US interest rates and inflation are on the rise again, which means Americans can expect to pay higher rates for mortgages, auto loans, and credit cards. But don’t expect it to lead to higher interest on your savings account anytime soon.
Banks don’t want your money. That’s why they’re offering such low rates.
Today, the average US savings account pays 0.06 percent interest annually. Put another way, in one year a saver will earn just $6 in interest on $10,000 in deposits. Even many of the top online “high-yield savings accounts” in the US pay a negligible 0.5 percent interest annually. And the average one-year certificate of deposit (CD), typically one of the highest-yielding savings vehicles, pays 0.15 percent.
While savings accounts and CD yields are at historic lows, inflation this year is expected to increase at the fastest pace since 1991, eroding consumers’ purchasing power and reducing the value of their dollars. Normally, high inflation leads to higher interest rates that translate to higher rates on savings accounts as banks seek out deposits. But that’s not the case in 2021.

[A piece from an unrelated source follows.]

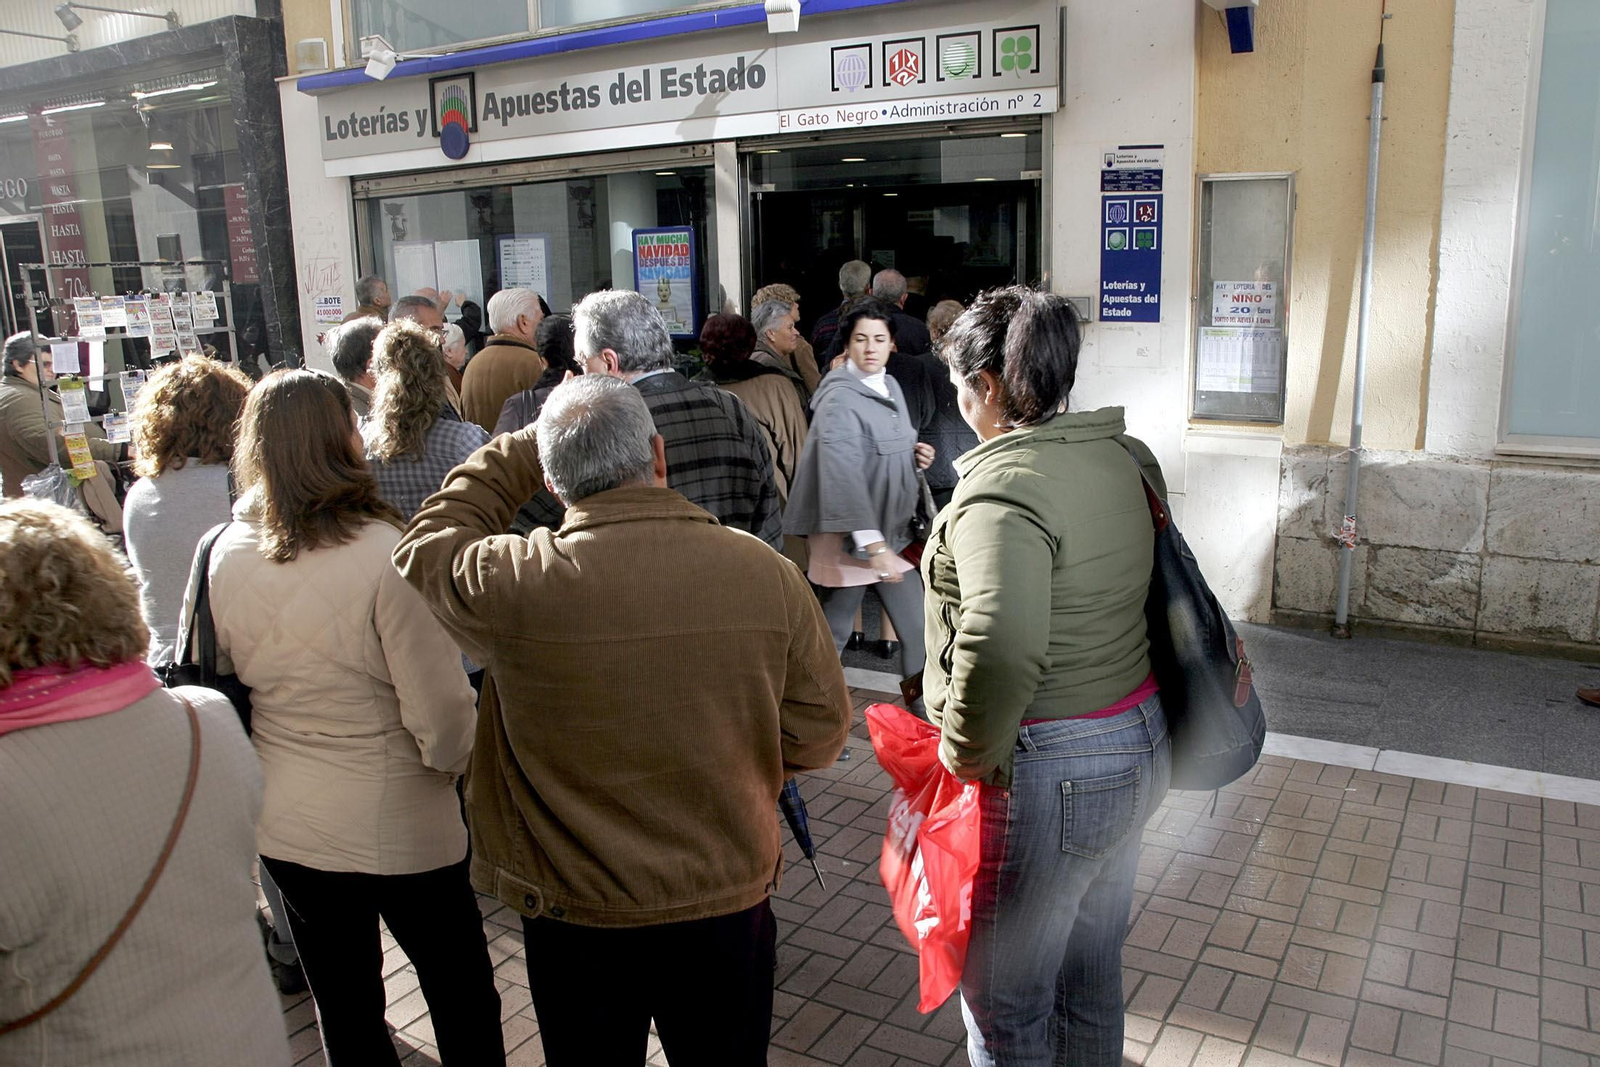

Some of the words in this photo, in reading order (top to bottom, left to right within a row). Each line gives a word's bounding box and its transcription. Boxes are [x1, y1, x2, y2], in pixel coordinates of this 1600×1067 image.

In July, Americans who put their money in savings accounts were hit with the most negative real average savings rate in US history: -5.34 percent.
At that rate, $10,000 deposited in a savings account would be worth only $9,460 in equivalent dollars at the end of a one-year period
At that rate, $10,000 deposited in a savings account would be worth only $9,460 in equivalent dollars at the end of a one-year period. In essence, the saver loses $540 in buying power to earn $6 in interest.
Yet, Americans are pouring money into savings accounts at a …….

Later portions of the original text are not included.